= RoughRider wheelchair =

Type of wheelchair by Ralf Hotchkiss

The RoughRider wheelchair is a low-cost, durable and appropriate technology wheelchair designed for use in developing countries. The design of the RoughRider originally was open-source and has been revised with input from wheelchair users in over 40 countries since 1980. The RoughRider was created to fill the demand for a reliable wheelchair for over 20 million disabled people in the developing world who need a wheelchair and do not have one.

==History==
The earliest recorded history of a wheelchair was inscribed in stone on a Chinese Sarcophagus in the 6th century A.D. There have been many variations on the basic design since then but standard features always included rear wheels, front caster wheels, footrests, side frames and seating features. Until recently wheelchairs were designed for relatively smooth surfaces and paved streets and were not designed for rugged environments. Thirty years ago, Ralf Hotchkiss, an engineer with paraplegia and a frequent traveler to developing countries, saw the need for a high quality and rugged chair that could withstand conditions in rough terrain. He began a thirty-year process of collaborative design using locally available parts with a cost low enough to be affordable to disabled persons in developing regions. For many years, Ralf and a team would travel to small machine shops in developing countries to teach the technical skills necessary for local production of the RoughRider model. Several of these shops are developing to scale in parts of Africa, Asia, Latin America and the former Soviet Union.

==Design features==
RoughRider functional design features include: low armrests to enable easy lateral transfers from chair to other surfaces, Pneumatic rear tires which are replaceable in bicycle shops worldwide, and adjustable rear wheel position which optimizes mechanical stability and performance for riders of different abilities. The design includes a long wheelbase with extra-wide front caster wheels that fit under the footrests and prevents tipping forward and is easier to push than standard wheelchair models. The extra wide "Zimbabwe" caster wheels provide a smooth ride over rough ground surfaces while still being able to "float" over soft surfaces like sand without getting stuck. The foldable X-brace allows for storage and transport and allows the seat width to be adjustable. Additional modifications to shorten or lengthen the seat depth and back height are accomplished by adding foam cushions under or behind the seat cushion. Footrest adjustments are made by loosening one bolt on the footrest arm.

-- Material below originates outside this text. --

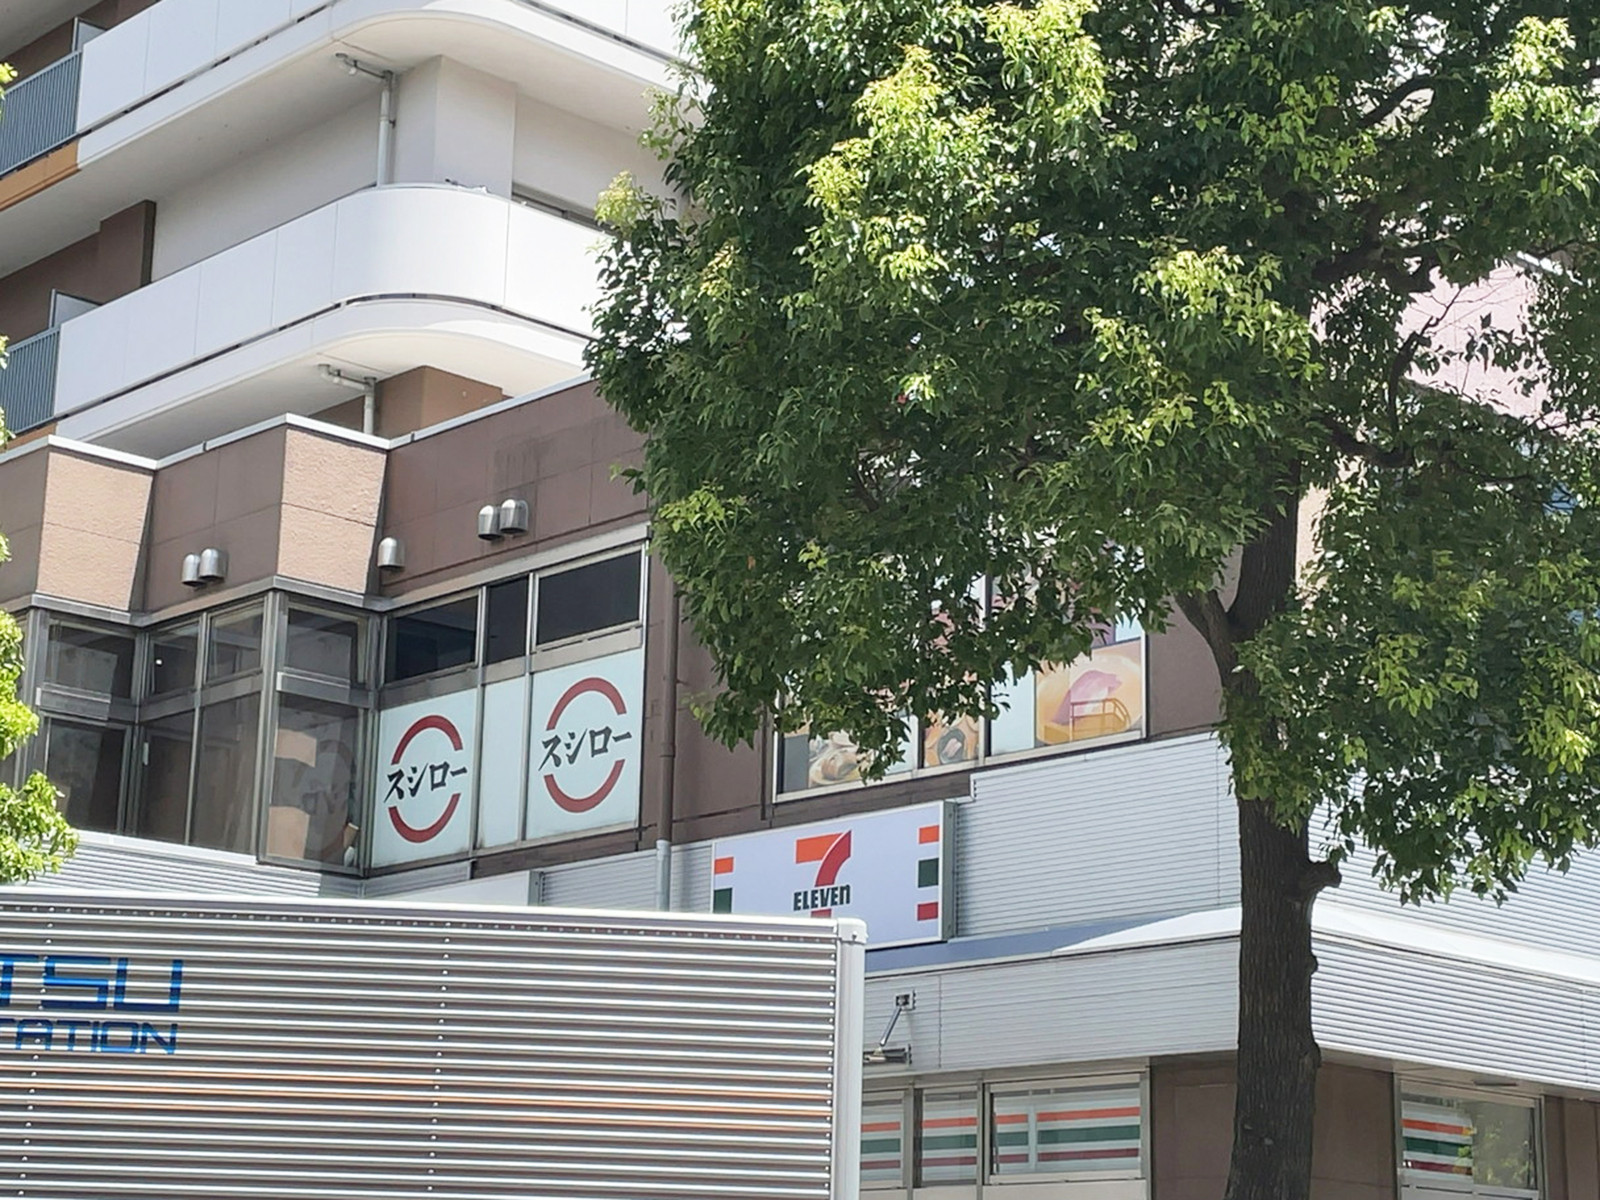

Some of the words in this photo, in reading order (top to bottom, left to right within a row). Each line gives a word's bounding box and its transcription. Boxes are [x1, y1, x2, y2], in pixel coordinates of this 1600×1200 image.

[538, 726, 632, 771] スシロー
[384, 761, 467, 803] スシロー
[795, 829, 852, 917] 7

==Problems and future design improvements==
Due to the 7/8" steel tubing used for the sideframes, chosen for low cost and universal availability, the RoughRider weighs about 40 lbs which may be too heavy for some newly injured riders to navigate up steep hills. The RoughRider does have an optional anti-tip bar which makes the rider safer during a backwards wheelie and has only recently added wheelguards that reduce mud and water splatter on the rider. Both of these features are currently under development. There is also a need for a rugged active chair for disabled children in developing countries and a child's version of the RoughRider is currently being tested in South Africa.